Merry-Go-Round clôt le set avec une mélancolie surprenante pour un groupe souvent réduit à son image de bad boys. La guitare acoustique, presque timide, contraste avec le reste de l’EP, mais c’est précisément cette fragilité qui rend le morceau attachant. Les paroles, typiques de l’obsession de Nikki Sixx pour les excès et les paradis artificiels, prennent une dimension presque tragique avec le recul. Le tempo lent permet à Neil de montrer une tessiture plus nuancée, loin des cris stridents qui ont fait sa réputation. C’est le genre de titre qui prouve que, même après quarante ans de carrière, Mötley Crüe peut encore surprendre — ou du moins, émouvoir.

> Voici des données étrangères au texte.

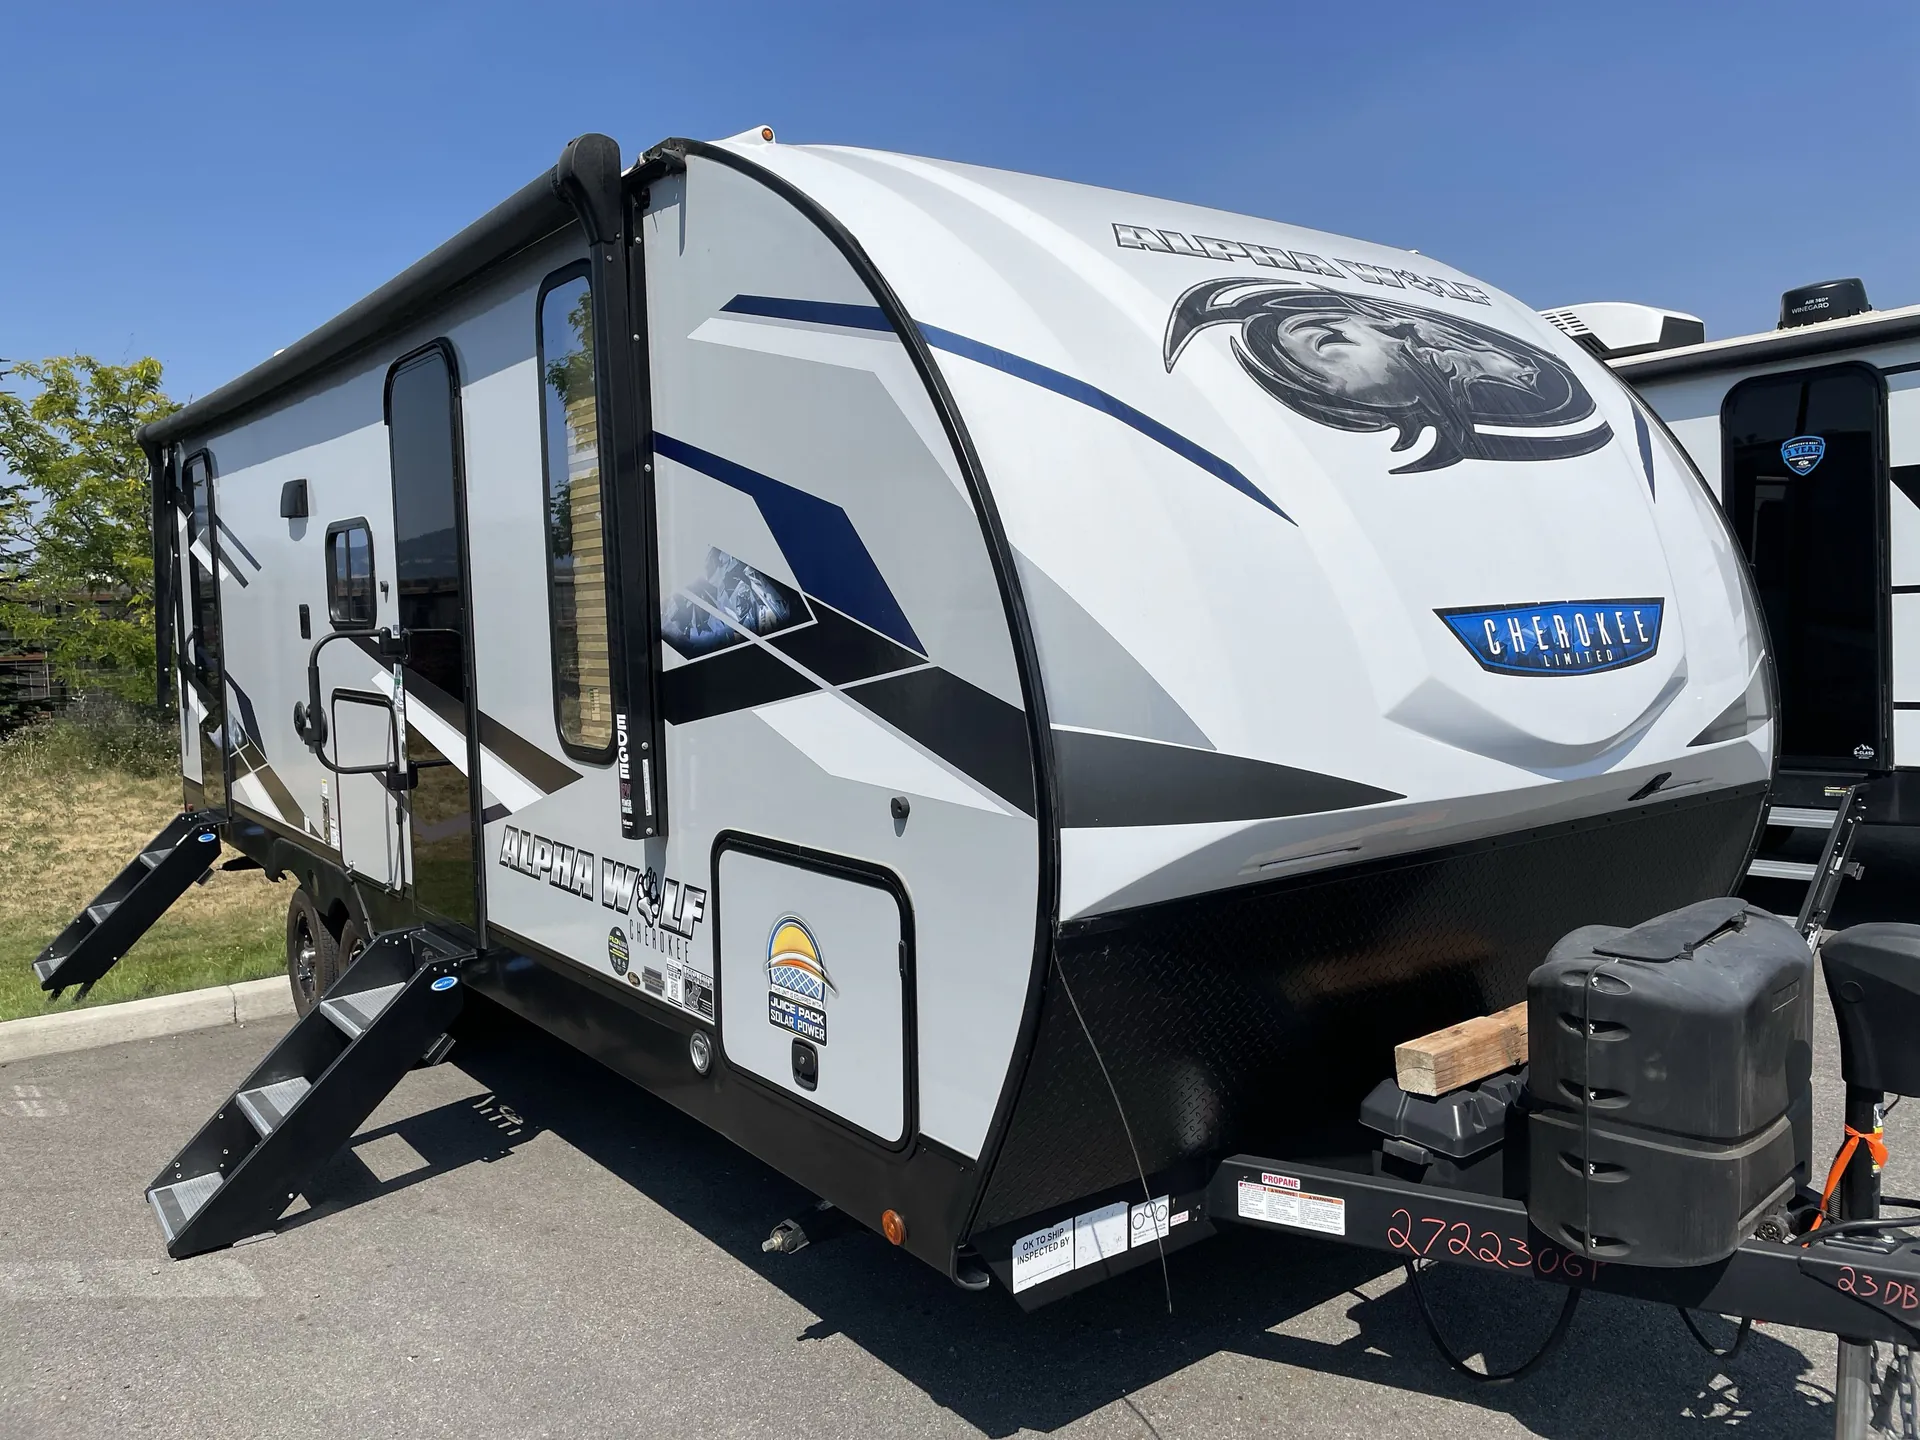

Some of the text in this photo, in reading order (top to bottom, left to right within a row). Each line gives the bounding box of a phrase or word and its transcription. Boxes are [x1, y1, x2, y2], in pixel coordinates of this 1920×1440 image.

Si ce Live Wire EP n’est pas une révolution, il est une célébration enflammée d’un son qui a marqué des générations. Pour les puristes, c’est une piqûre de rappel ; pour les nouveaux venus, une porte d’entrée dans un univers où le rock n’a jamais eu peur de se salir les mains. BMG a eu la bonne idée de le graver sur vinyle, un format qui colle à l’ADN du groupe comme un tatouage de Harley. À réserver aux collectionneurs, aux nostalgiques, et à ceux qui croient encore que le rock est une religion — pas un simple passe-temps.